→ WORK TO COMPLETE: Please copy the data below exactly; none of the pictures in it belong in the copy.

Referring expression grounding data
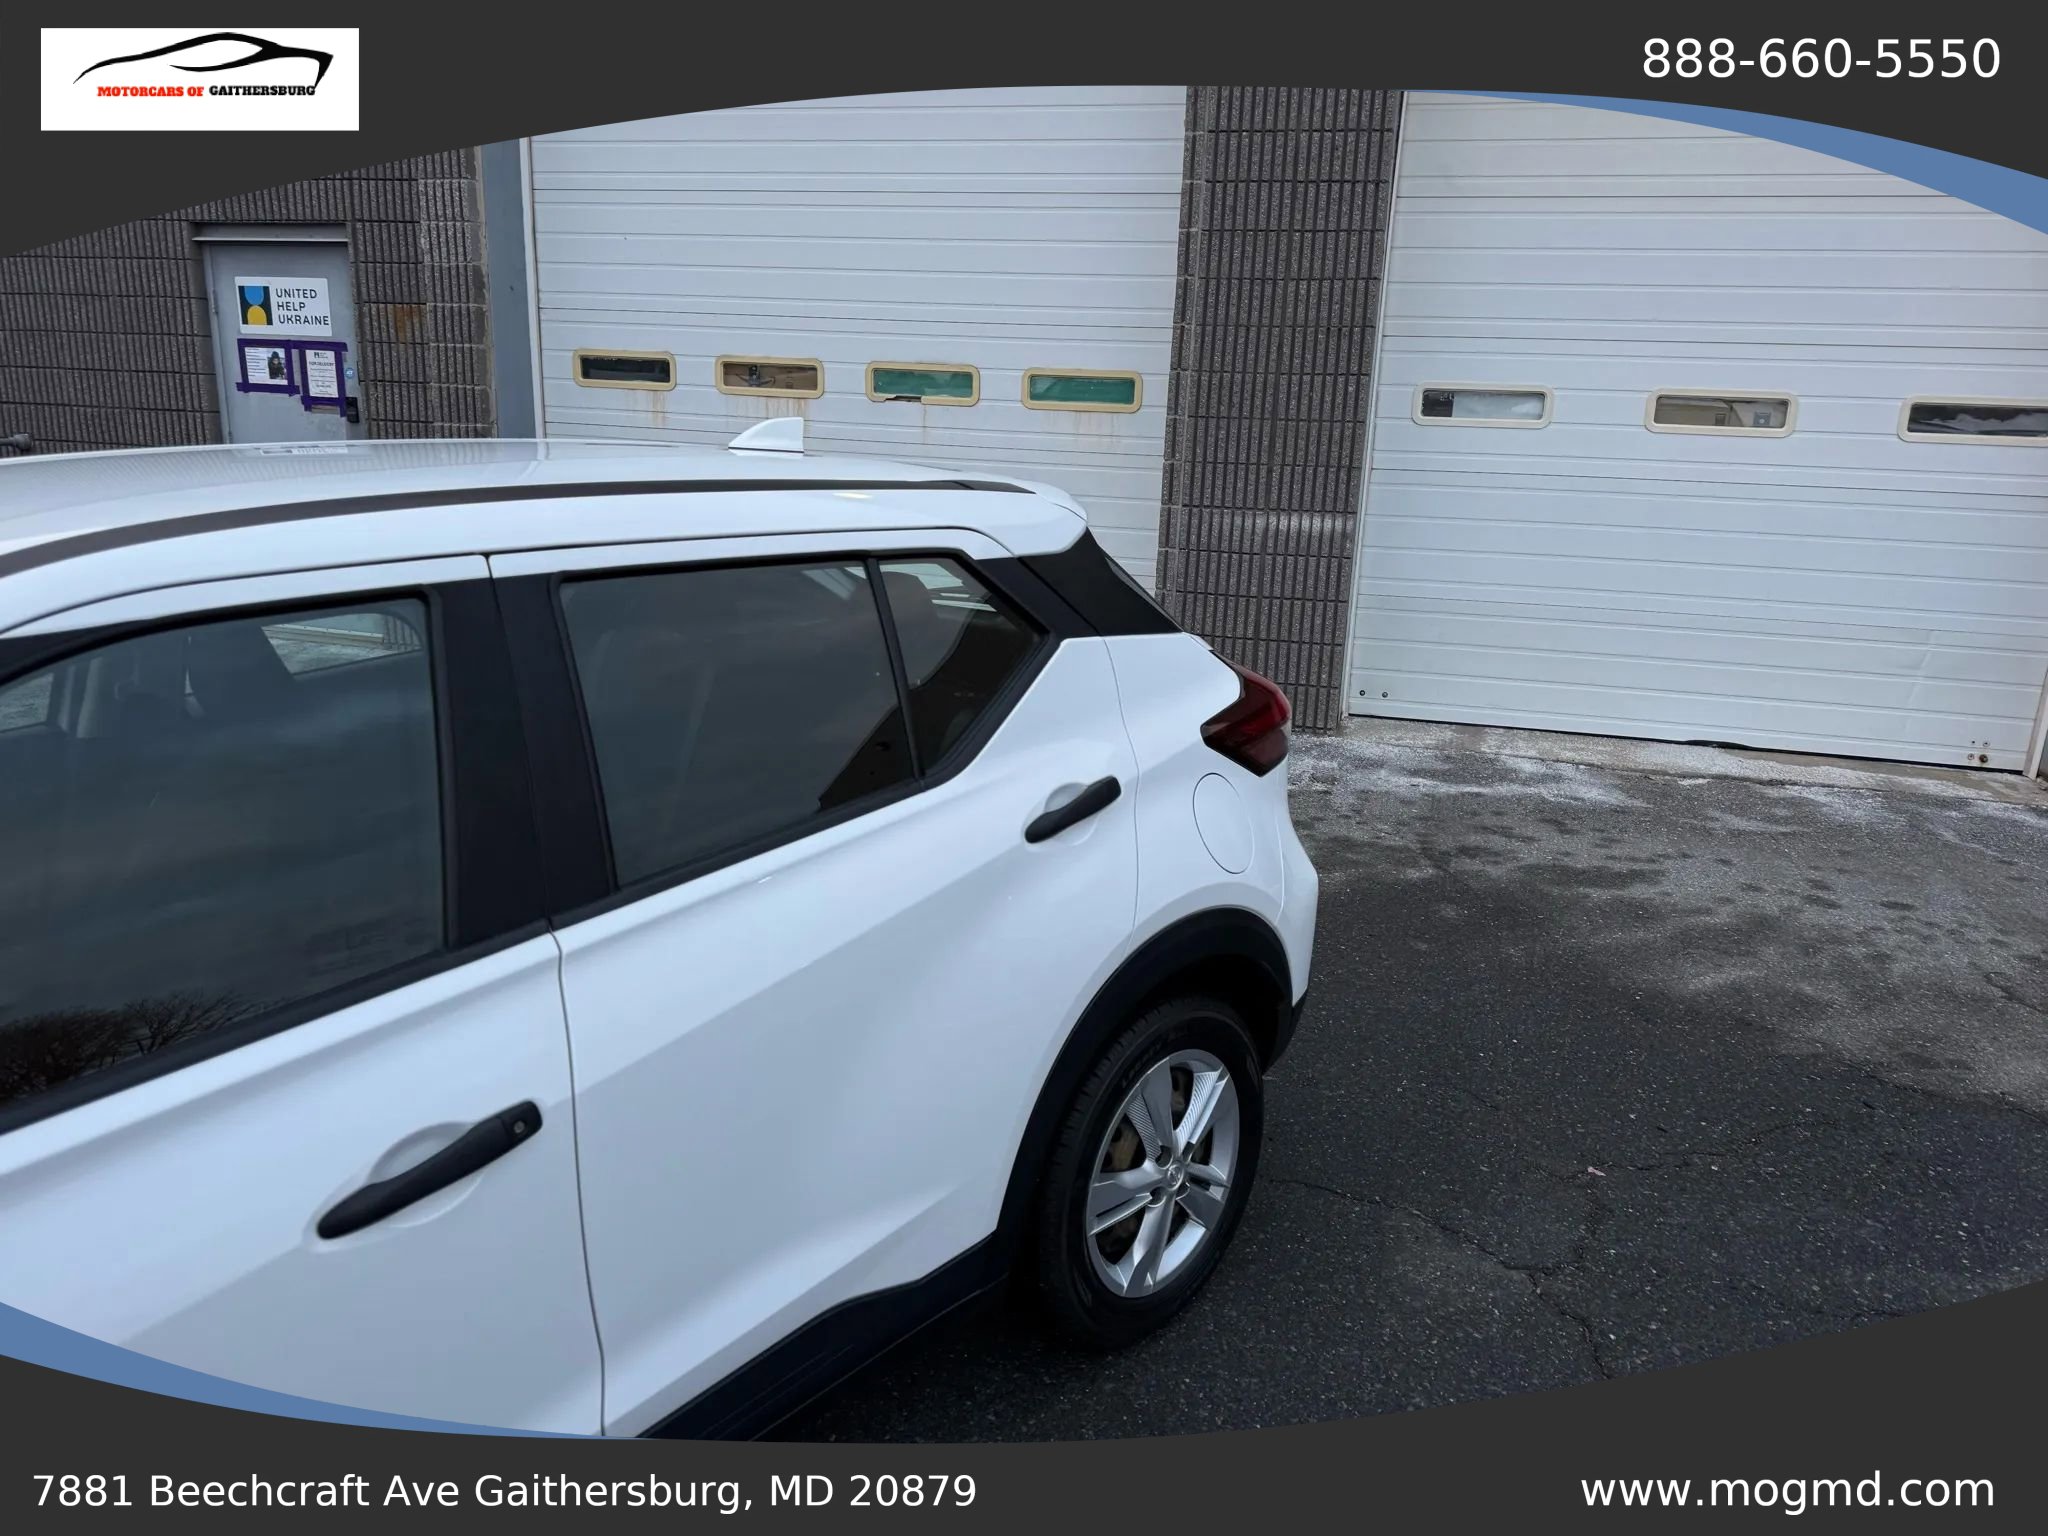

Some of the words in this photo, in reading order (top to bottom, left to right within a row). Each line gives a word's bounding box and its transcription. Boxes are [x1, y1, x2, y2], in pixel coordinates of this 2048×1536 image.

[276, 288, 317, 298] UNITED
[277, 302, 306, 311] HELP
[278, 314, 329, 326] UKRAINE
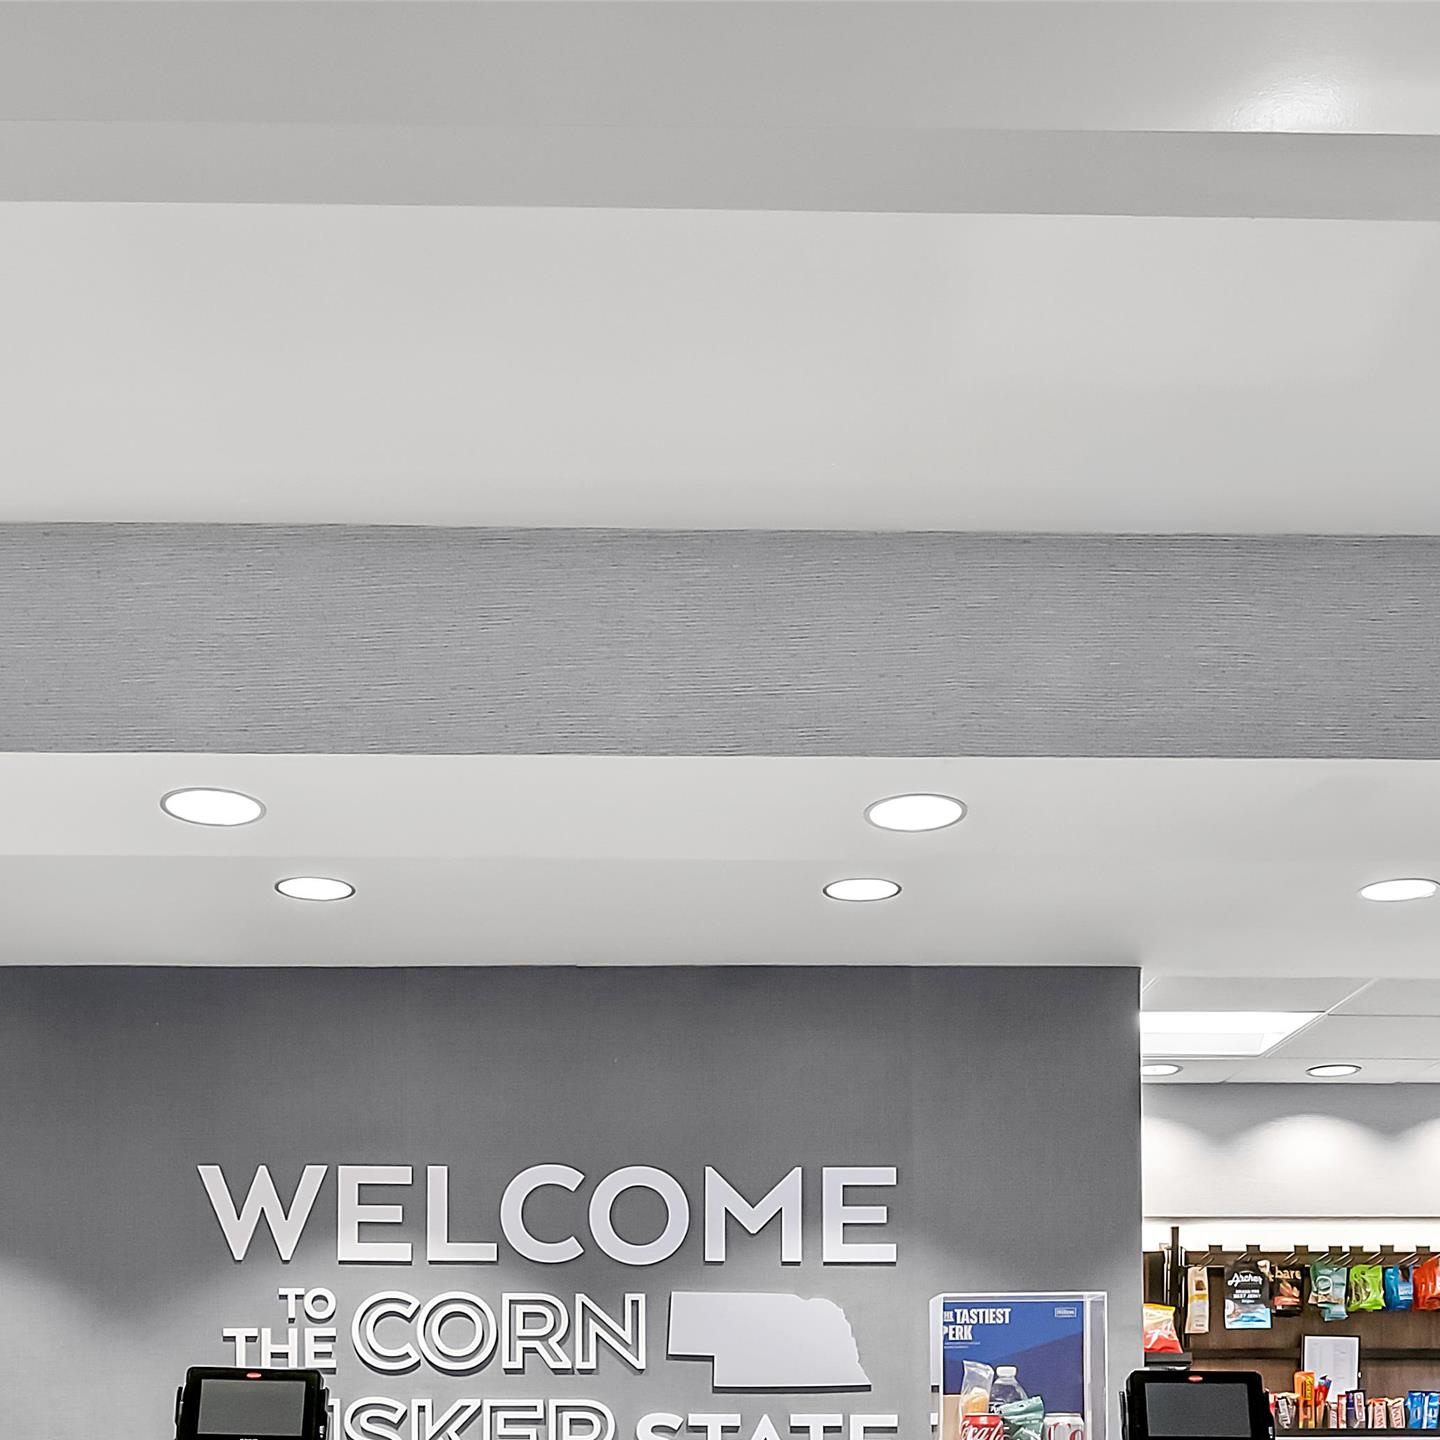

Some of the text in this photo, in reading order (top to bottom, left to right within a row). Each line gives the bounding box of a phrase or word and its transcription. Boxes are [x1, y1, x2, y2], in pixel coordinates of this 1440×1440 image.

[197, 1163, 899, 1266] WELCOME
[1227, 1272, 1263, 1288] Archer
[1275, 1266, 1302, 1280] bare
[278, 1288, 337, 1322] TO
[943, 1307, 1012, 1325] HE TASTIEST
[350, 1290, 647, 1372] CORN
[222, 1327, 337, 1370] THE
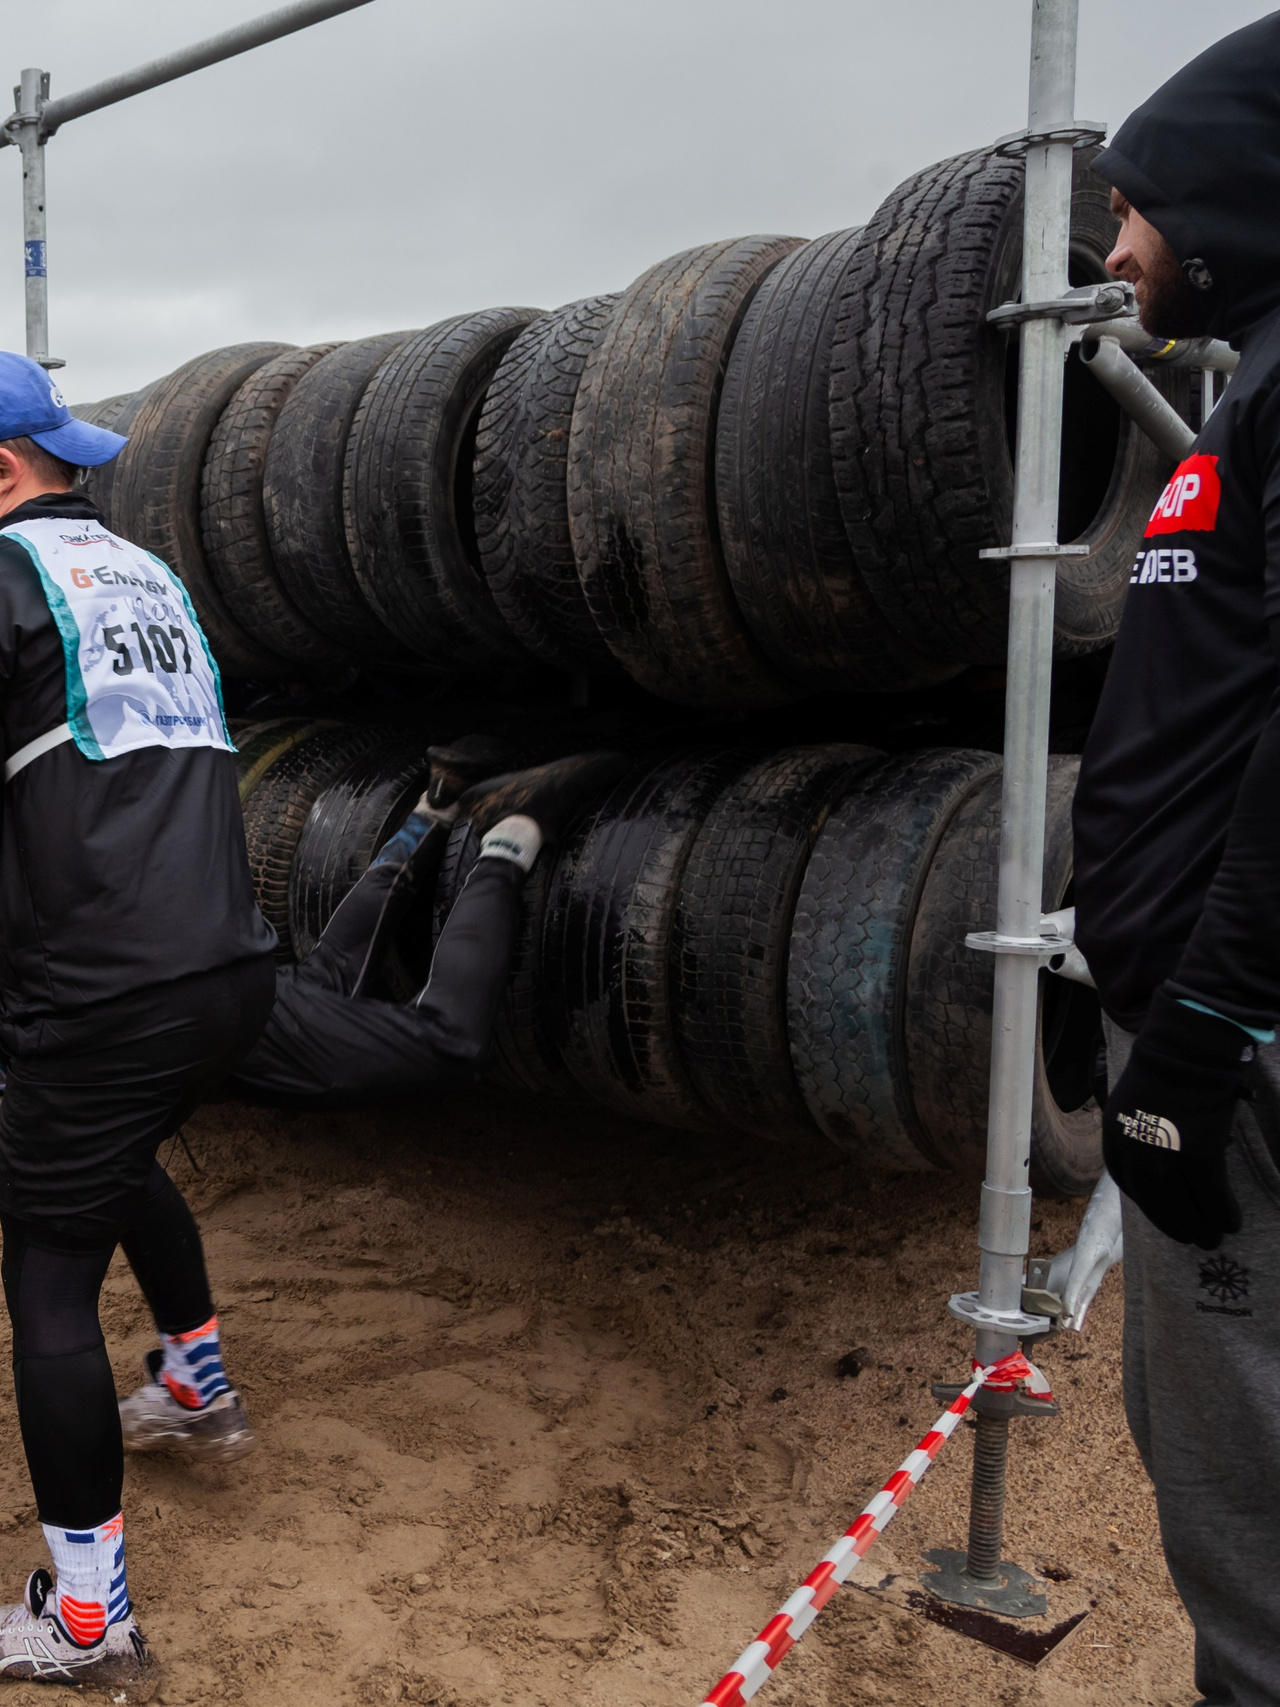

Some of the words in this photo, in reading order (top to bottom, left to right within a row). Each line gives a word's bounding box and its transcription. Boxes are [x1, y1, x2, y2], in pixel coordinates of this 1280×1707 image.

[102, 621, 192, 677] 5107
[1116, 1112, 1158, 1136] NORTH
[1135, 1109, 1160, 1126] THE
[1123, 1125, 1155, 1145] FACE

→ EXERCISE RESPONSE:
Some of the words in this photo, in reading order (top to bottom, left to right within a row). Each line gives a word's bounding box and its transcription. Boxes are [x1, y1, x2, y2], in pixel coordinates of this 2048×1536 image.

[276, 288, 317, 298] UNITED
[277, 302, 306, 311] HELP
[278, 314, 329, 326] UKRAINE

Some of the text in this photo, in reading order (top to bottom, left to right within a row). Each line gives the bounding box of a phrase or word and its transcription. Boxes are [x1, y1, x2, y2], in pixel coordinates of this 1440×1440 image.

[197, 1163, 899, 1266] WELCOME
[1227, 1272, 1263, 1288] Archer
[1275, 1266, 1302, 1280] bare
[278, 1288, 337, 1322] TO
[943, 1307, 1012, 1325] HE TASTIEST
[350, 1290, 647, 1372] CORN
[222, 1327, 337, 1370] THE

Some of the words in this photo, in reading order (top to bottom, left to right within a row). Each line gives a word's bounding box and its transcription. Boxes are [x1, y1, x2, y2], in pixel coordinates of this 1280×1707 image.

[102, 621, 192, 677] 5107
[1116, 1112, 1158, 1136] NORTH
[1135, 1109, 1160, 1126] THE
[1123, 1125, 1155, 1145] FACE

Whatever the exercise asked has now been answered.